## Exercise instructions
Copy exactly the lines from the one containing "Some of the text" through the last line of the records, both included, and nothing more.

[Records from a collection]
☆ ☆ ☆ ☆ ☆
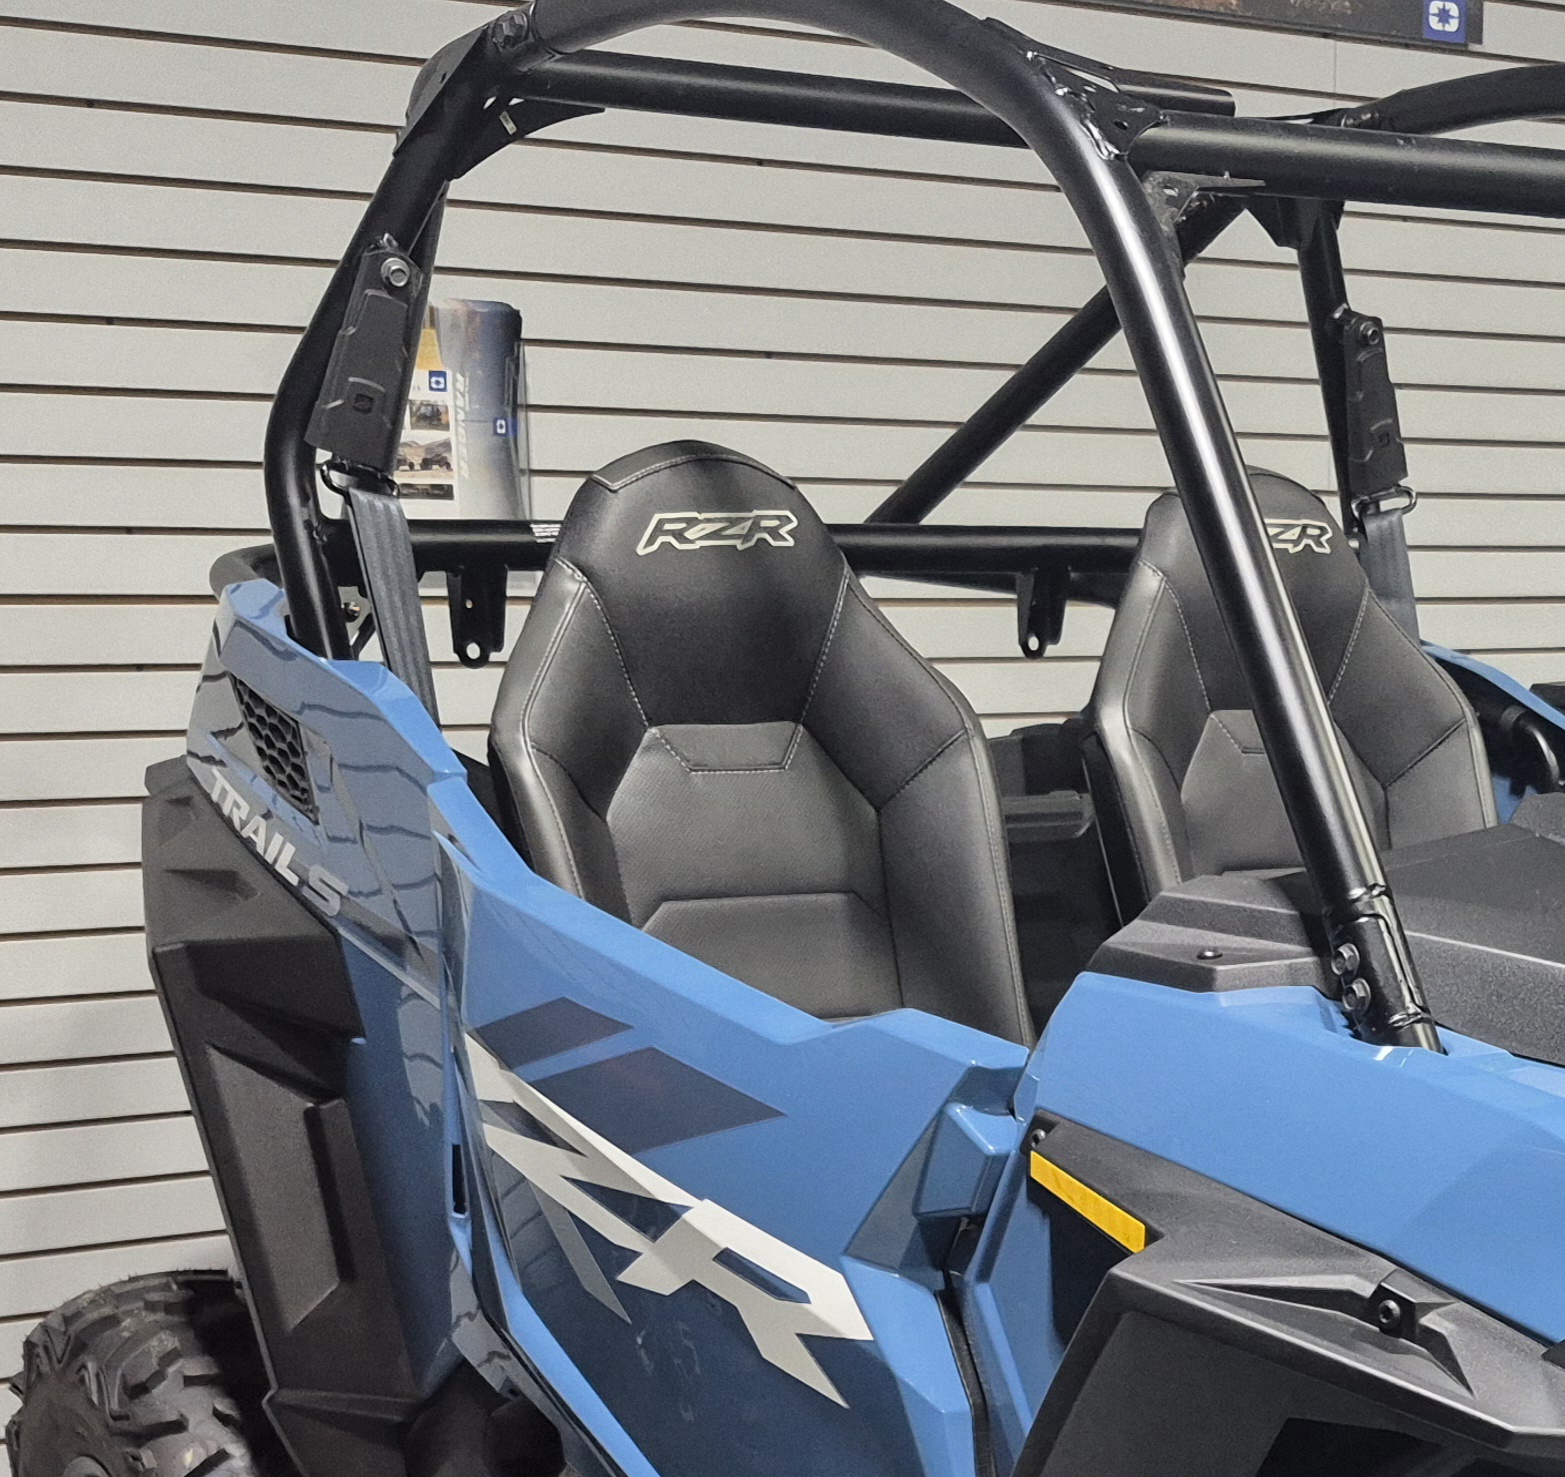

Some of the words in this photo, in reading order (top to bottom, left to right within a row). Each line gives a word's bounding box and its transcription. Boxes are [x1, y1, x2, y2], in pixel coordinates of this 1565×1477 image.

[637, 510, 798, 556] RZR
[1264, 518, 1333, 554] ZR
[211, 767, 299, 887] TRAIL
[302, 864, 349, 917] S
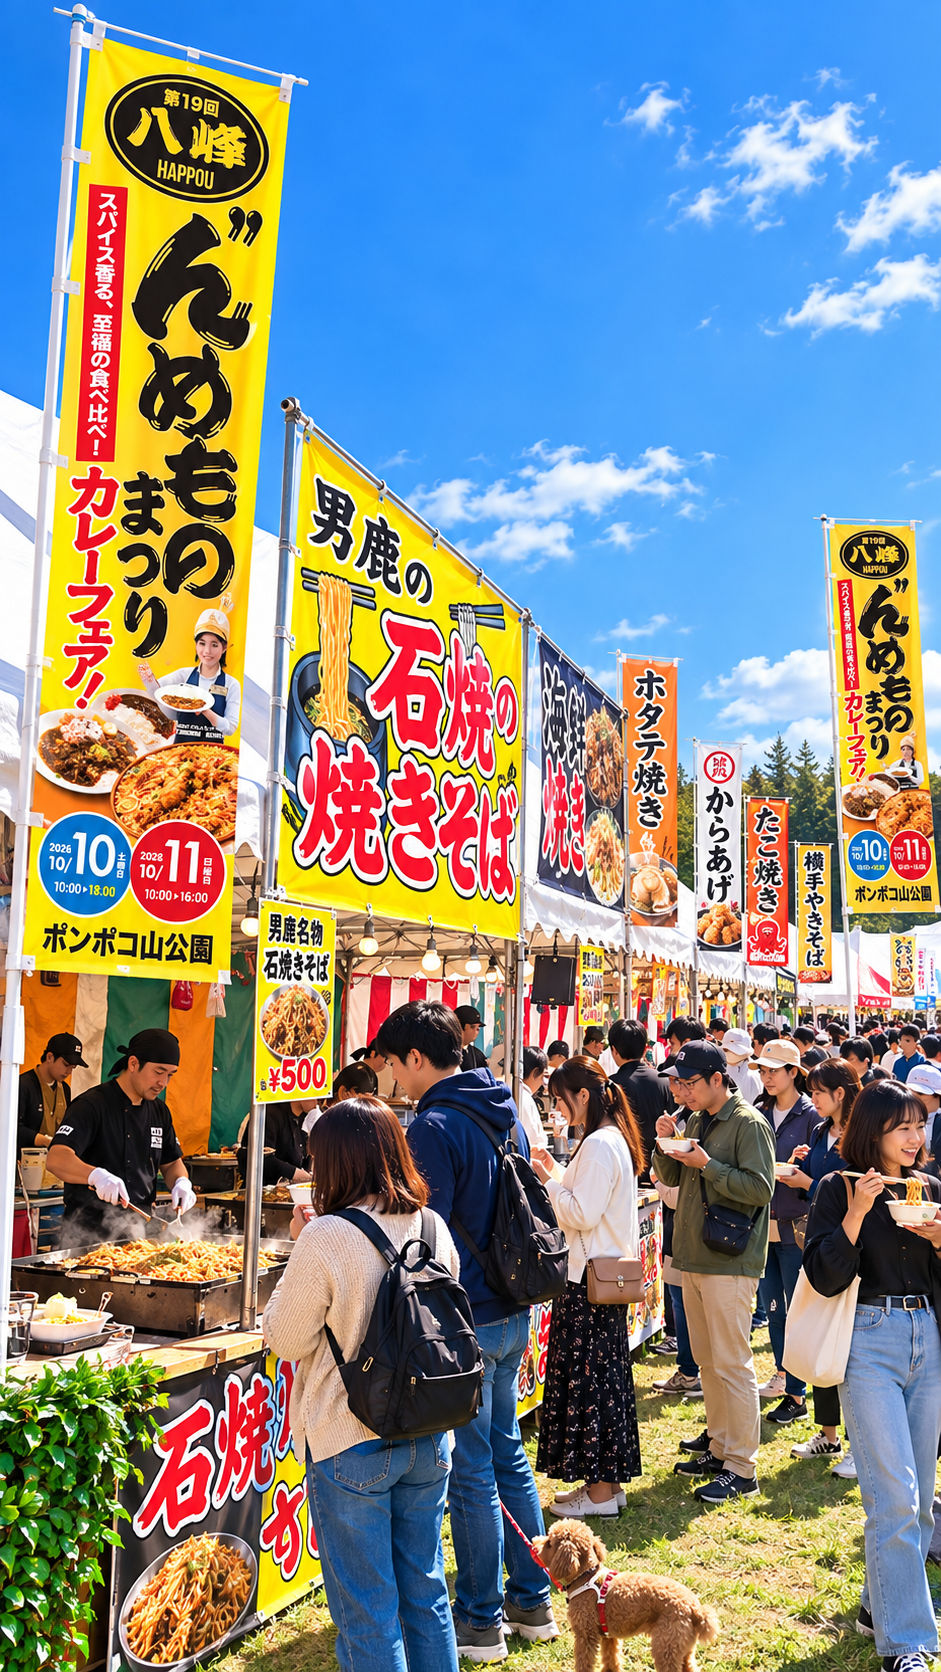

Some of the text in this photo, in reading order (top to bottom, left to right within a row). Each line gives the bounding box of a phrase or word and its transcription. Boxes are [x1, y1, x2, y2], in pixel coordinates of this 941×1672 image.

[126, 105, 248, 170] 八峰
[163, 87, 220, 119] 第19回
[156, 158, 215, 191] HAPPOU
[116, 470, 169, 659] まつり
[308, 474, 433, 604] 男鹿の
[367, 611, 518, 777] 石焼の
[864, 689, 889, 761] まつり
[632, 669, 668, 828] ホタテ焼き
[295, 734, 519, 903] 焼きそば
[705, 785, 735, 904] からあげ
[753, 806, 784, 914] たこ焼き
[42, 922, 214, 965] ポンポコ山公園
[268, 912, 323, 947] 男鹿名物
[803, 850, 826, 968] 横手やきそば
[263, 948, 330, 982] 石焼きそば
[268, 1058, 327, 1092] ¥500
☆ ☆ ☆ ☆ ☆
## Solution
Some of the text in this photo, in reading order (top to bottom, left to right within a row). Each line gives the bounding box of a phrase or word and its transcription. Boxes are [x1, y1, x2, y2], in pixel coordinates of this 941×1672 image.

[126, 105, 248, 170] 八峰
[163, 87, 220, 119] 第19回
[156, 158, 215, 191] HAPPOU
[116, 470, 169, 659] まつり
[308, 474, 433, 604] 男鹿の
[367, 611, 518, 777] 石焼の
[864, 689, 889, 761] まつり
[632, 669, 668, 828] ホタテ焼き
[295, 734, 519, 903] 焼きそば
[705, 785, 735, 904] からあげ
[753, 806, 784, 914] たこ焼き
[42, 922, 214, 965] ポンポコ山公園
[268, 912, 323, 947] 男鹿名物
[803, 850, 826, 968] 横手やきそば
[263, 948, 330, 982] 石焼きそば
[268, 1058, 327, 1092] ¥500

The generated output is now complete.